(Task input)

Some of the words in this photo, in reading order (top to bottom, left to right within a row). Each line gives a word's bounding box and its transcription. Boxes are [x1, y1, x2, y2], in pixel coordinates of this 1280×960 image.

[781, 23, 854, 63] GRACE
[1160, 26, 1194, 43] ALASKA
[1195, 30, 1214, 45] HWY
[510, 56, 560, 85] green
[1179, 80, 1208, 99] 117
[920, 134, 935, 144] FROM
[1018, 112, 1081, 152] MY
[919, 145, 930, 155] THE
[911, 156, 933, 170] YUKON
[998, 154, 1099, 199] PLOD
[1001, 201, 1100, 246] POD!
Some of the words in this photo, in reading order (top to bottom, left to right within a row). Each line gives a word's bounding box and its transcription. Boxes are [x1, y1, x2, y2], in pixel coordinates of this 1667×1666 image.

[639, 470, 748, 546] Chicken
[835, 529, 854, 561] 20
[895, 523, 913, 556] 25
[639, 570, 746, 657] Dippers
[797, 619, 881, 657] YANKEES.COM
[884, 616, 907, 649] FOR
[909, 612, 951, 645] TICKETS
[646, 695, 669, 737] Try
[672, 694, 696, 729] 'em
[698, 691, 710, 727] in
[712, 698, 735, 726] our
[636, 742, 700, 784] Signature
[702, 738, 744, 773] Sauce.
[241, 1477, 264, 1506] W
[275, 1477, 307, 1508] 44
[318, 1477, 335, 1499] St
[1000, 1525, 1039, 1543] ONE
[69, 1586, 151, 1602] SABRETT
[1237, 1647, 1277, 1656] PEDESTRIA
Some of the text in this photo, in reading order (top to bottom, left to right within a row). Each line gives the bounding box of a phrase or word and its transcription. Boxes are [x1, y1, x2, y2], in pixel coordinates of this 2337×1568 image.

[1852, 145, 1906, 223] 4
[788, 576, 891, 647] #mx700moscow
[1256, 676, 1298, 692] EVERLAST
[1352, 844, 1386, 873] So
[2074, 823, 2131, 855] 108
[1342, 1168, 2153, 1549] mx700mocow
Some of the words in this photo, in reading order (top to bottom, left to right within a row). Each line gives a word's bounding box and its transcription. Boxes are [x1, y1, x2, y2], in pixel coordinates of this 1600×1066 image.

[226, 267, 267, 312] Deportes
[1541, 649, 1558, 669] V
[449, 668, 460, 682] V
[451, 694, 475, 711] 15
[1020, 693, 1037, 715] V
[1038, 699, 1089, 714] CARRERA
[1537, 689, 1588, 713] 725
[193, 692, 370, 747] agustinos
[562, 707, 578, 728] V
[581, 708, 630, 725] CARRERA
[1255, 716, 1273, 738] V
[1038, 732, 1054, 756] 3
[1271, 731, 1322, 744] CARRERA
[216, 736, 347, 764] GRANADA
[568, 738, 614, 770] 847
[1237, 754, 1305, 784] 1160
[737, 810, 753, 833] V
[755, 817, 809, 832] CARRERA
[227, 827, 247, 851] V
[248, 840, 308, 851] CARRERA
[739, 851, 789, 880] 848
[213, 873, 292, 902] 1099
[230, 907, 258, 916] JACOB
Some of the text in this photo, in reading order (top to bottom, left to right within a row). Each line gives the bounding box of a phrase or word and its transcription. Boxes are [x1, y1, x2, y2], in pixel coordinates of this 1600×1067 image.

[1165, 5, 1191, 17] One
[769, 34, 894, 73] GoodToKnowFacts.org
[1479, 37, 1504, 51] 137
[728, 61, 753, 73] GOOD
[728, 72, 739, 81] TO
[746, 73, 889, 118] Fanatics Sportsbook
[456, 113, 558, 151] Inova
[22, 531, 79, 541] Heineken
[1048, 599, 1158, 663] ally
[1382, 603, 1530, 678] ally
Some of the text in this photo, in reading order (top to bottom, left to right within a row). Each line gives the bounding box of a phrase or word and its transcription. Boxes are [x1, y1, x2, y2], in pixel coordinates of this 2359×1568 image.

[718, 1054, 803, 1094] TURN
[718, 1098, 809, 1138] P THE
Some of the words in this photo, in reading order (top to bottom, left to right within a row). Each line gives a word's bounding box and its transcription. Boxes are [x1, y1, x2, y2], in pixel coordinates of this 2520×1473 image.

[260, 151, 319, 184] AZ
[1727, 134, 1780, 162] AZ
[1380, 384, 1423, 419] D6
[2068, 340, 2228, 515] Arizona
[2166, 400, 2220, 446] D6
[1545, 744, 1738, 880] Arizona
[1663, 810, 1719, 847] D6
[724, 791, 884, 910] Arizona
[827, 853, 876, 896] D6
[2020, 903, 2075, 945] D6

(End Task input)

Try it →
All of the entries should be transcribed exactly as they appear.

Solution to this exercise →
Some of the words in this photo, in reading order (top to bottom, left to right within a row). Each line gives a word's bounding box and its transcription. Boxes are [x1, y1, x2, y2], in pixel coordinates of this 1280×960 image.

[781, 23, 854, 63] GRACE
[1160, 26, 1194, 43] ALASKA
[1195, 30, 1214, 45] HWY
[510, 56, 560, 85] green
[1179, 80, 1208, 99] 117
[920, 134, 935, 144] FROM
[1018, 112, 1081, 152] MY
[919, 145, 930, 155] THE
[911, 156, 933, 170] YUKON
[998, 154, 1099, 199] PLOD
[1001, 201, 1100, 246] POD!
Some of the words in this photo, in reading order (top to bottom, left to right within a row). Each line gives a word's bounding box and its transcription. Boxes are [x1, y1, x2, y2], in pixel coordinates of this 1667×1666 image.

[639, 470, 748, 546] Chicken
[835, 529, 854, 561] 20
[895, 523, 913, 556] 25
[639, 570, 746, 657] Dippers
[797, 619, 881, 657] YANKEES.COM
[884, 616, 907, 649] FOR
[909, 612, 951, 645] TICKETS
[646, 695, 669, 737] Try
[672, 694, 696, 729] 'em
[698, 691, 710, 727] in
[712, 698, 735, 726] our
[636, 742, 700, 784] Signature
[702, 738, 744, 773] Sauce.
[241, 1477, 264, 1506] W
[275, 1477, 307, 1508] 44
[318, 1477, 335, 1499] St
[1000, 1525, 1039, 1543] ONE
[69, 1586, 151, 1602] SABRETT
[1237, 1647, 1277, 1656] PEDESTRIA
Some of the text in this photo, in reading order (top to bottom, left to right within a row). Each line gives the bounding box of a phrase or word and its transcription. Boxes are [x1, y1, x2, y2], in pixel coordinates of this 2337×1568 image.

[1852, 145, 1906, 223] 4
[788, 576, 891, 647] #mx700moscow
[1256, 676, 1298, 692] EVERLAST
[1352, 844, 1386, 873] So
[2074, 823, 2131, 855] 108
[1342, 1168, 2153, 1549] mx700mocow
Some of the words in this photo, in reading order (top to bottom, left to right within a row). Each line gives a word's bounding box and its transcription. Boxes are [x1, y1, x2, y2], in pixel coordinates of this 1600×1066 image.

[226, 267, 267, 312] Deportes
[1541, 649, 1558, 669] V
[449, 668, 460, 682] V
[451, 694, 475, 711] 15
[1020, 693, 1037, 715] V
[1038, 699, 1089, 714] CARRERA
[1537, 689, 1588, 713] 725
[193, 692, 370, 747] agustinos
[562, 707, 578, 728] V
[581, 708, 630, 725] CARRERA
[1255, 716, 1273, 738] V
[1038, 732, 1054, 756] 3
[1271, 731, 1322, 744] CARRERA
[216, 736, 347, 764] GRANADA
[568, 738, 614, 770] 847
[1237, 754, 1305, 784] 1160
[737, 810, 753, 833] V
[755, 817, 809, 832] CARRERA
[227, 827, 247, 851] V
[248, 840, 308, 851] CARRERA
[739, 851, 789, 880] 848
[213, 873, 292, 902] 1099
[230, 907, 258, 916] JACOB
Some of the text in this photo, in reading order (top to bottom, left to right within a row). Each line gives the bounding box of a phrase or word and its transcription. Boxes are [x1, y1, x2, y2], in pixel coordinates of this 1600×1067 image.

[1165, 5, 1191, 17] One
[769, 34, 894, 73] GoodToKnowFacts.org
[1479, 37, 1504, 51] 137
[728, 61, 753, 73] GOOD
[728, 72, 739, 81] TO
[746, 73, 889, 118] Fanatics Sportsbook
[456, 113, 558, 151] Inova
[22, 531, 79, 541] Heineken
[1048, 599, 1158, 663] ally
[1382, 603, 1530, 678] ally
Some of the text in this photo, in reading order (top to bottom, left to right within a row). Each line gives the bounding box of a phrase or word and its transcription. Boxes are [x1, y1, x2, y2], in pixel coordinates of this 2359×1568 image.

[718, 1054, 803, 1094] TURN
[718, 1098, 809, 1138] P THE
Some of the words in this photo, in reading order (top to bottom, left to right within a row). Each line gives a word's bounding box and its transcription. Boxes are [x1, y1, x2, y2], in pixel coordinates of this 2520×1473 image.

[260, 151, 319, 184] AZ
[1727, 134, 1780, 162] AZ
[1380, 384, 1423, 419] D6
[2068, 340, 2228, 515] Arizona
[2166, 400, 2220, 446] D6
[1545, 744, 1738, 880] Arizona
[1663, 810, 1719, 847] D6
[724, 791, 884, 910] Arizona
[827, 853, 876, 896] D6
[2020, 903, 2075, 945] D6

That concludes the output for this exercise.